When you reproduce these records, keep every word exactly and drop the images.

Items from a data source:
__________

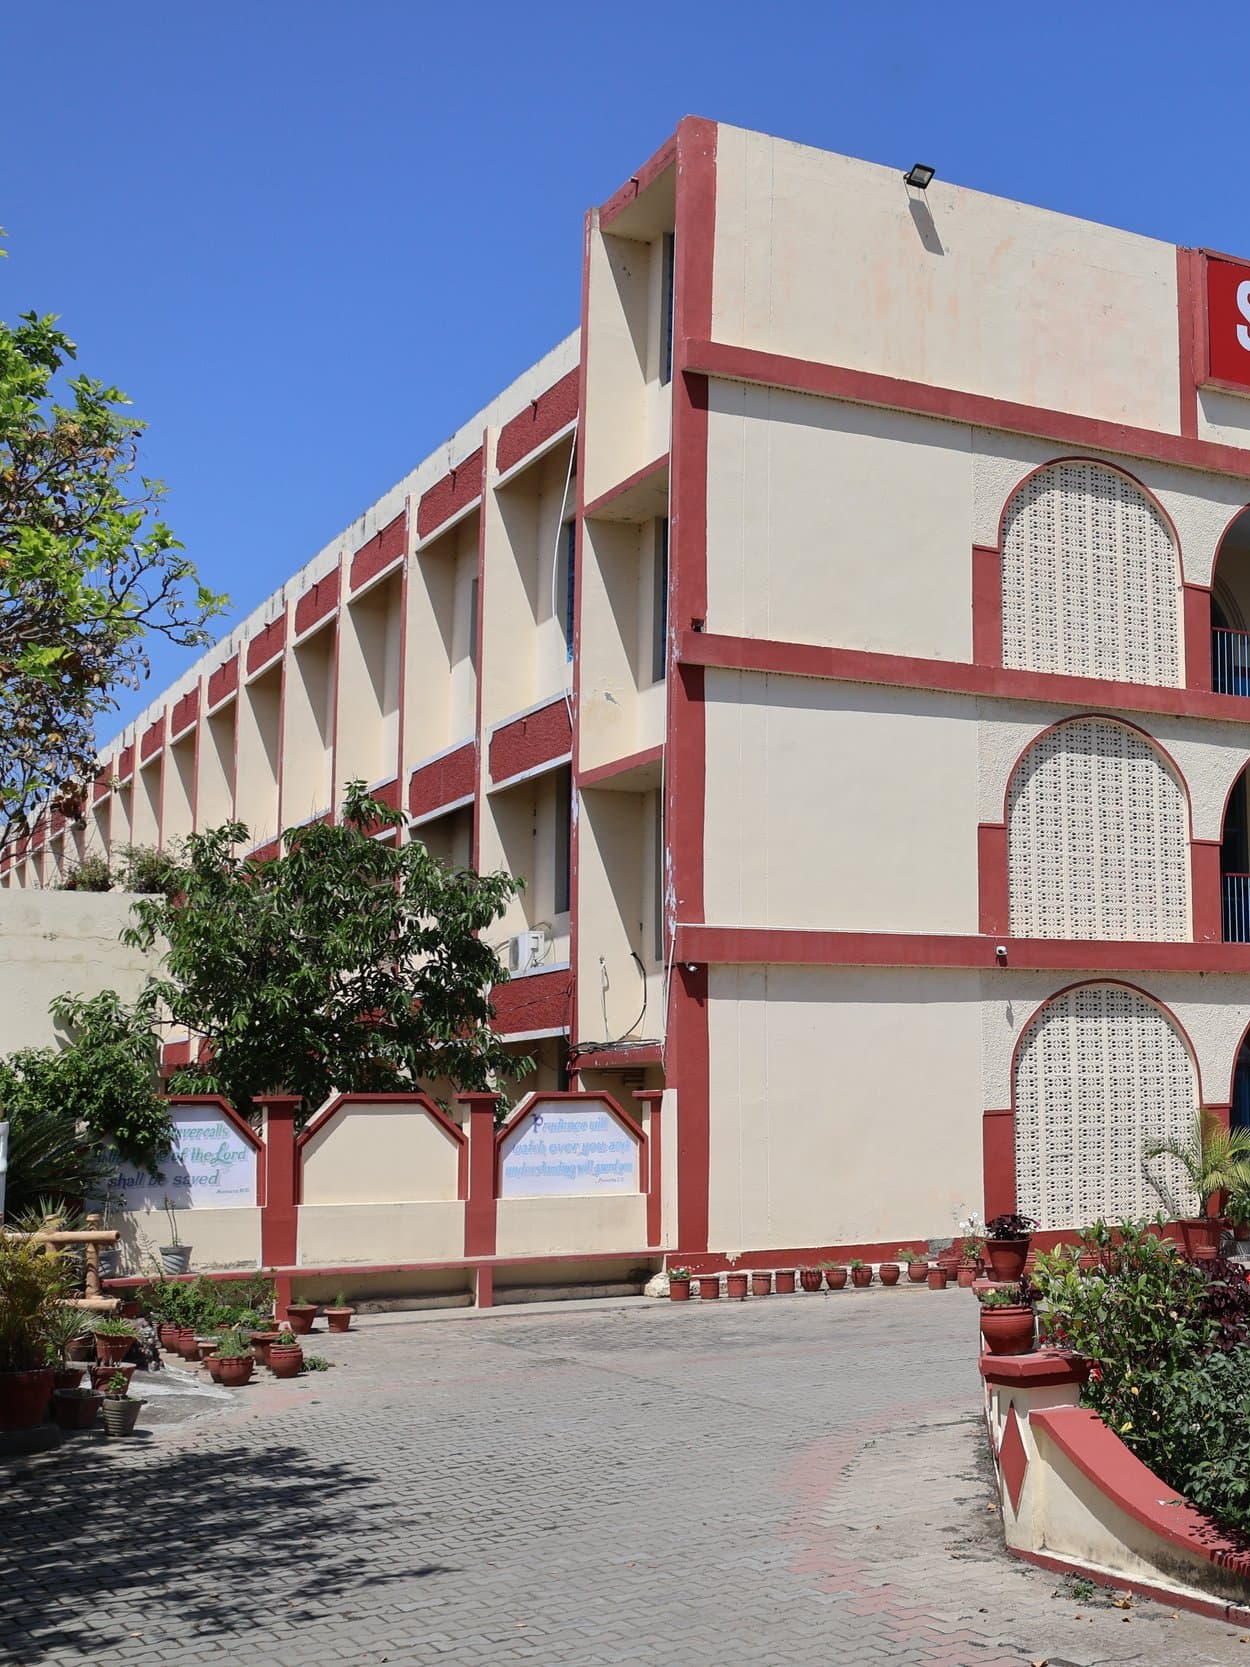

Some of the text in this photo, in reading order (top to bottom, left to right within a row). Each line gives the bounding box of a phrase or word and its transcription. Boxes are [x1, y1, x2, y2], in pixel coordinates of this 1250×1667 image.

[202, 1123, 230, 1139] calls
[190, 1147, 212, 1162] the
[210, 1142, 248, 1166] Lord
[548, 1142, 578, 1155] over
[108, 1171, 145, 1189] shall
[173, 1169, 220, 1187] saved

__________

SOLVED PROBLEM:
Some of the text in this photo, in reading order (top to bottom, left to right within a row). Each line gives the bounding box of a phrase or word and its transcription. Boxes are [x1, y1, x2, y2], in pixel coordinates of this 1250×1667 image.

[202, 1123, 230, 1139] calls
[190, 1147, 212, 1162] the
[210, 1142, 248, 1166] Lord
[548, 1142, 578, 1155] over
[108, 1171, 145, 1189] shall
[173, 1169, 220, 1187] saved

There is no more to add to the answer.